**WHAT TO PRODUCE**
Could you restate all of the records below exactly, with the pictures left out?

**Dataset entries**
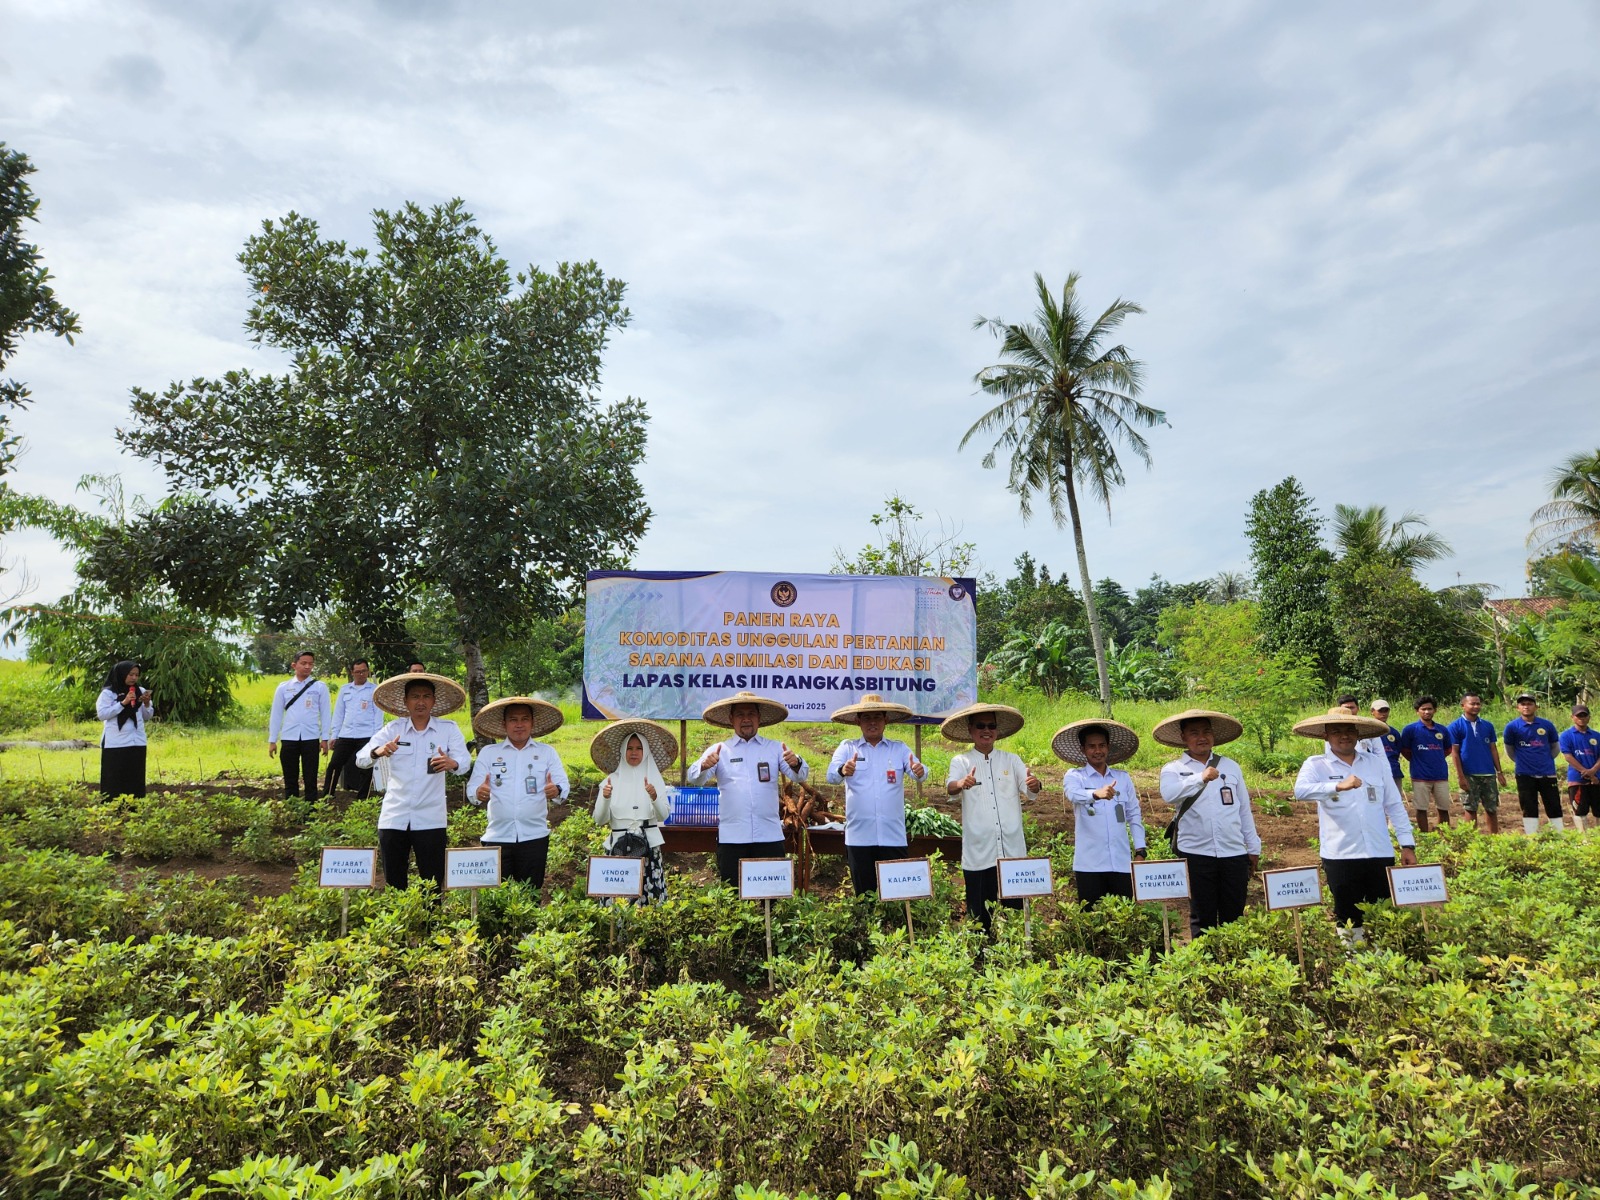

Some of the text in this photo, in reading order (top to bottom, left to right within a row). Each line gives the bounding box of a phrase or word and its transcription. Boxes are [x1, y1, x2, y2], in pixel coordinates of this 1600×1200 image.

[723, 611, 840, 628] PANEN RAYA
[619, 631, 945, 651] KOMODITAS UNGGULAN PERTANIAN
[629, 652, 931, 671] SARANA ASIMILASI DAN EDUKASI
[622, 673, 936, 692] LAPAS KELAS III RANGKASBITUNG
[784, 702, 827, 710] ruari 2025
[887, 875, 922, 884] KALAPAS
[1145, 873, 1177, 881] PEJABAT
[1281, 881, 1304, 889] KETUA
[1397, 885, 1442, 893] STRUKTURAL
[1276, 888, 1312, 896] KOPERASI

**SOLUTION TO THE EXERCISE**
Some of the text in this photo, in reading order (top to bottom, left to right within a row). Each line gives the bounding box of a phrase or word and its transcription. Boxes are [x1, y1, x2, y2], in pixel coordinates of this 1600×1200 image.

[723, 611, 840, 628] PANEN RAYA
[619, 631, 945, 651] KOMODITAS UNGGULAN PERTANIAN
[629, 652, 931, 671] SARANA ASIMILASI DAN EDUKASI
[622, 673, 936, 692] LAPAS KELAS III RANGKASBITUNG
[784, 702, 827, 710] ruari 2025
[887, 875, 922, 884] KALAPAS
[1145, 873, 1177, 881] PEJABAT
[1281, 881, 1304, 889] KETUA
[1397, 885, 1442, 893] STRUKTURAL
[1276, 888, 1312, 896] KOPERASI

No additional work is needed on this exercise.